*Work item:* Using the records that appear below, write out exactly the lines from the one with "this 1280×1280 image." through the one with "this 1600×1200 image.", keeping both end lines.
START Extracted material
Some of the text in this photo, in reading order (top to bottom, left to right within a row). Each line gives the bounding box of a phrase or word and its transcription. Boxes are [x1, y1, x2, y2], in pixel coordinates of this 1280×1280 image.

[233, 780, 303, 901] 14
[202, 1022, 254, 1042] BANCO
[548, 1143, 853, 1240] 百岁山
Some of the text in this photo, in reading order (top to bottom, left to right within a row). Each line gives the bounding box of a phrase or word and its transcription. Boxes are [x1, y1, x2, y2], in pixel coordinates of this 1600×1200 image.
END Extracted material
START Extracted material
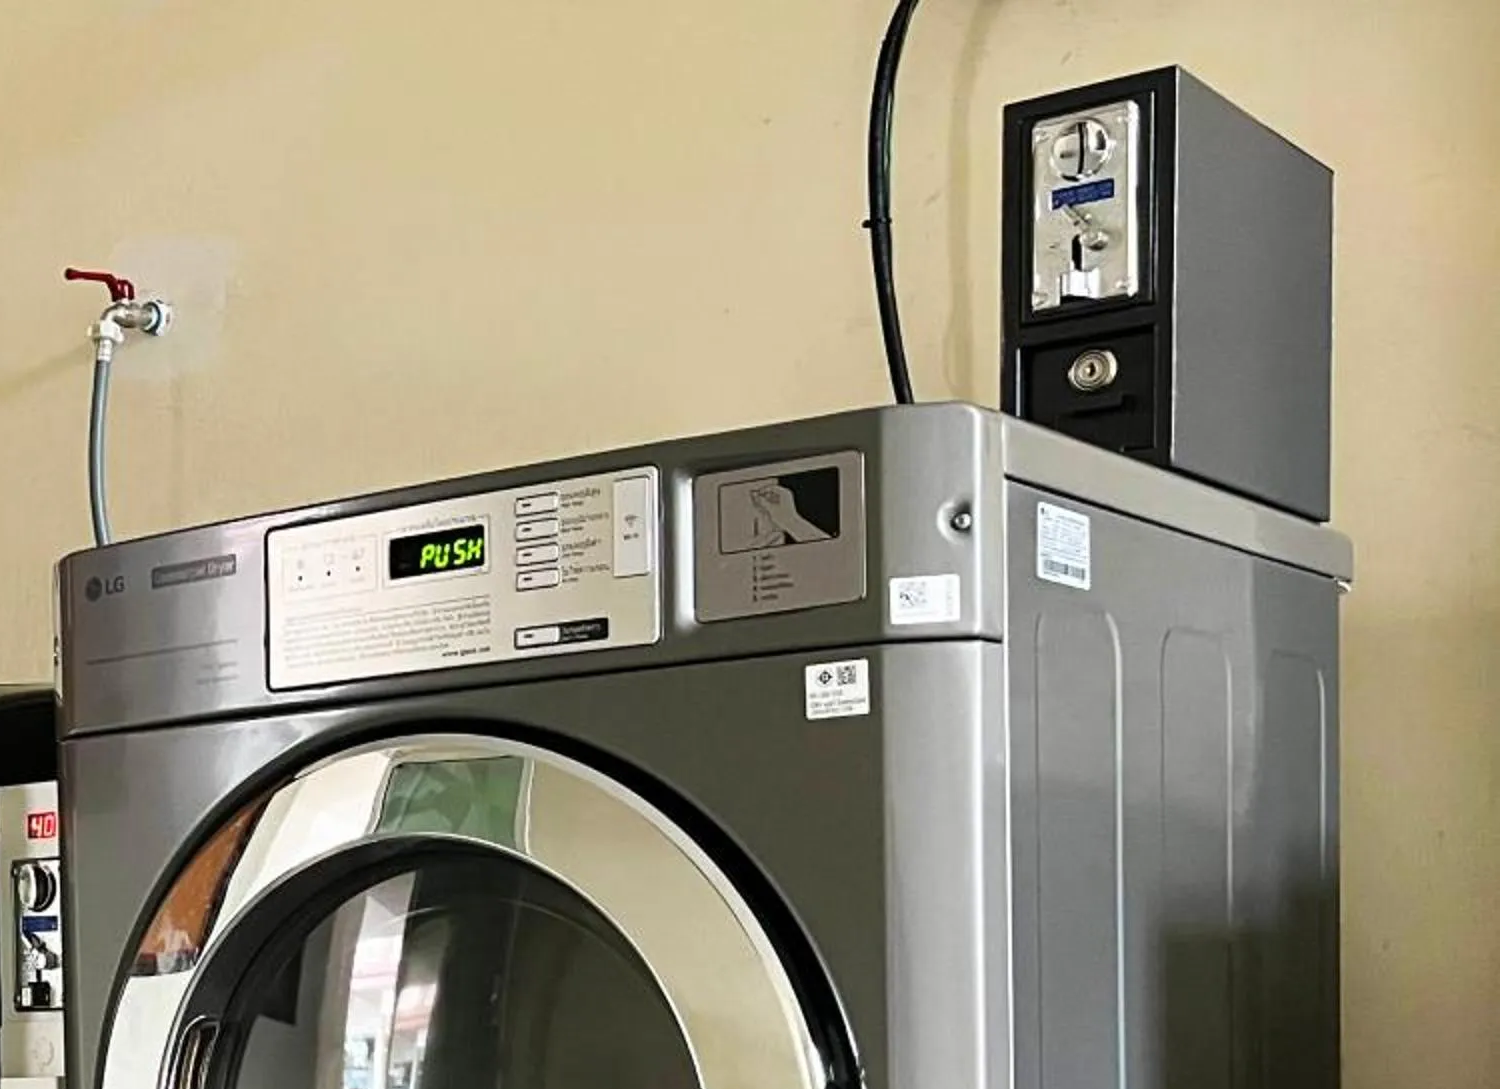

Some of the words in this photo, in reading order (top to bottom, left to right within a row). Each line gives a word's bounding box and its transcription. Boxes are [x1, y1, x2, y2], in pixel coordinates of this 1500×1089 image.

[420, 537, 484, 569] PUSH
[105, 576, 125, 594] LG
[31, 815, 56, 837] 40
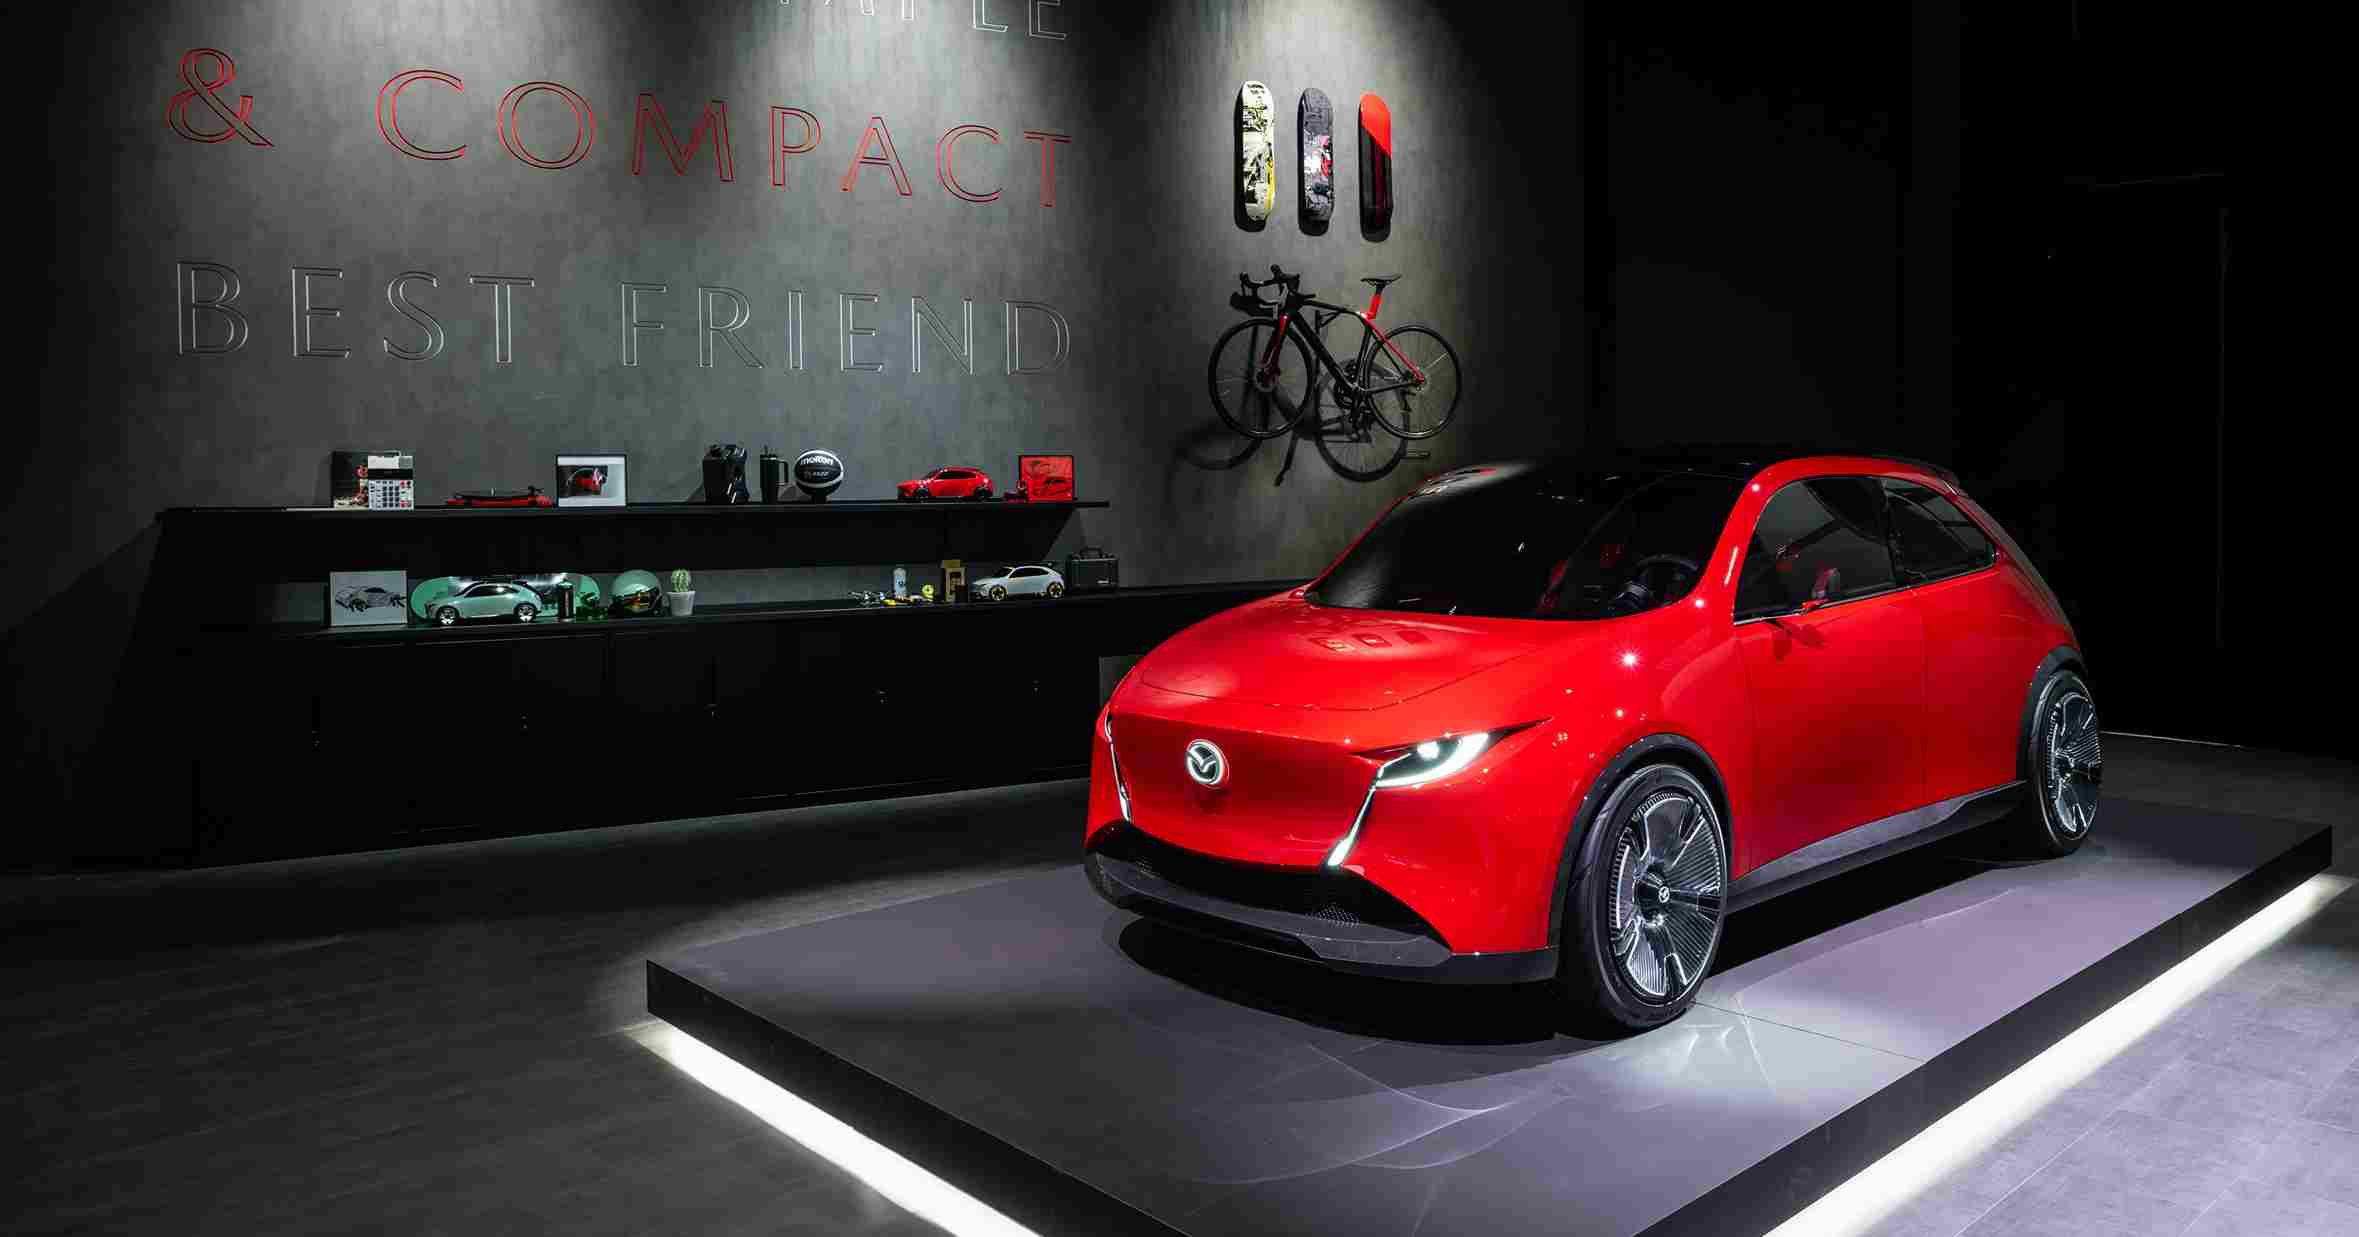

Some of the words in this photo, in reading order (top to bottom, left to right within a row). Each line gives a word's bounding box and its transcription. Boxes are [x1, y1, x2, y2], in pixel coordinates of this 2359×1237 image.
END Extracted material
*Result below:*
Some of the text in this photo, in reading order (top to bottom, left to right within a row). Each line gives the bounding box of a phrase or word and its transcription. Boxes are [x1, y1, x2, y2], in pixel coordinates of this 1280×1280 image.

[233, 780, 303, 901] 14
[202, 1022, 254, 1042] BANCO
[548, 1143, 853, 1240] 百岁山
Some of the text in this photo, in reading order (top to bottom, left to right within a row). Each line gives the bounding box of a phrase or word and its transcription. Boxes are [x1, y1, x2, y2], in pixel coordinates of this 1600×1200 image.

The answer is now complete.